I'm sorry that I can't stick to the things that make me happy. And healthy. In any ways.
I'm sorry that I've wasted my time.
I'm sorry that I haven't spent more time with the ones I love. And like.
I'm sorry that I make some people more important than myself.
I'm sorry that I didn't walk, because I thought I was going to miss him out.
I'm sorry that I rather keep those relationships superficial. And I won't even give them a chance.
I'm sorry that I let them define me.
I'm sorry that I've let myself down.
I'm sorry that I still let them in my lives, even if I told myself not to.
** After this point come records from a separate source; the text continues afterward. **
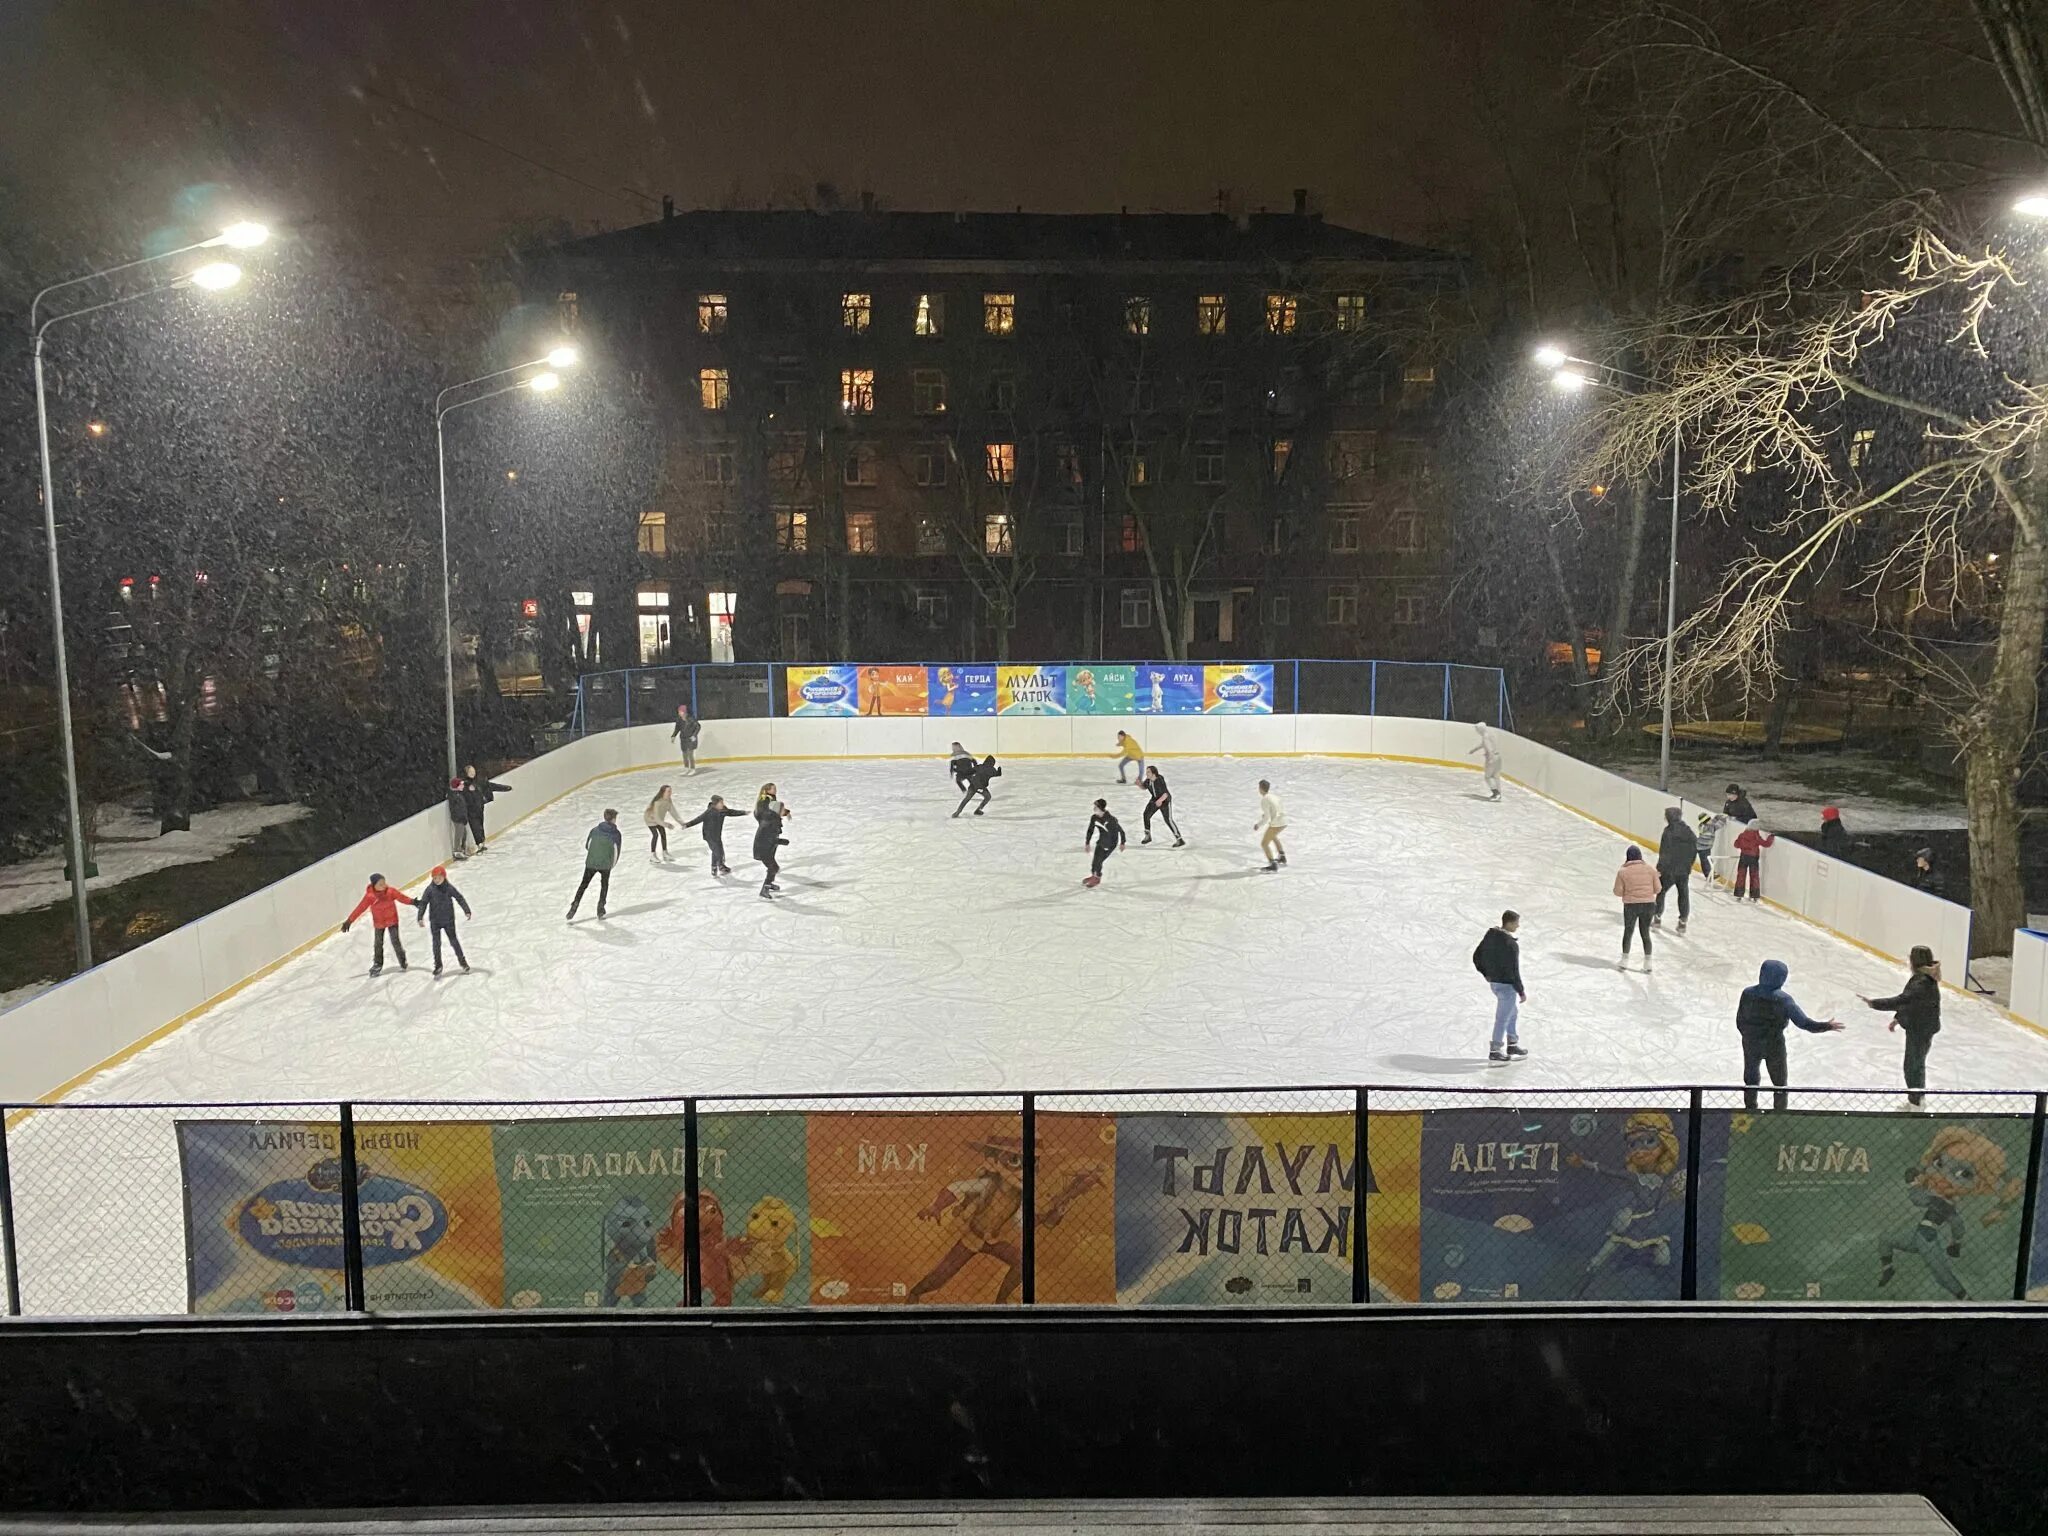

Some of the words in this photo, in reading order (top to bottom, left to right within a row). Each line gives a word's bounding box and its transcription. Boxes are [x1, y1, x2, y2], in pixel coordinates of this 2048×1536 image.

[896, 674, 913, 683] КАЙ
[964, 674, 991, 683] ГЕРДА
[1005, 674, 1058, 689] МУЛЬТ
[1103, 672, 1125, 682] АЙСИ
[1173, 674, 1194, 683] ЛУТА
[1012, 691, 1052, 702] КАТОК
I'm sorry that I didn't take the trash out.
I'm sorry that I said "I love meat" in front of vegans who never said they "hate meat" or "only eat freaking vegetables." And look where I'm turning now.
I'm sorry that I left before things got interesting.
I'm sorry that I rather spend time with myself than with those who are just wanting to meet so they could moan about life.
I'm sorry that I was so scared that I had to do it online.
I'm sorry that I didn't try enough.
Or that I'm not enough.
Apologising to myself. Learning to.
But I'm not sorry that I've danced till 4am and wandered down-town till 8am. Until drunkenness turned into soberness.
Not sorry that I've made mistakes. The horrible and also the cool ones. Because now I know how to be even better.
And dance even better.
And maybe be "just enough."
Sometimes wrong choices bring us to the right places. So we could dance till we have to go to work.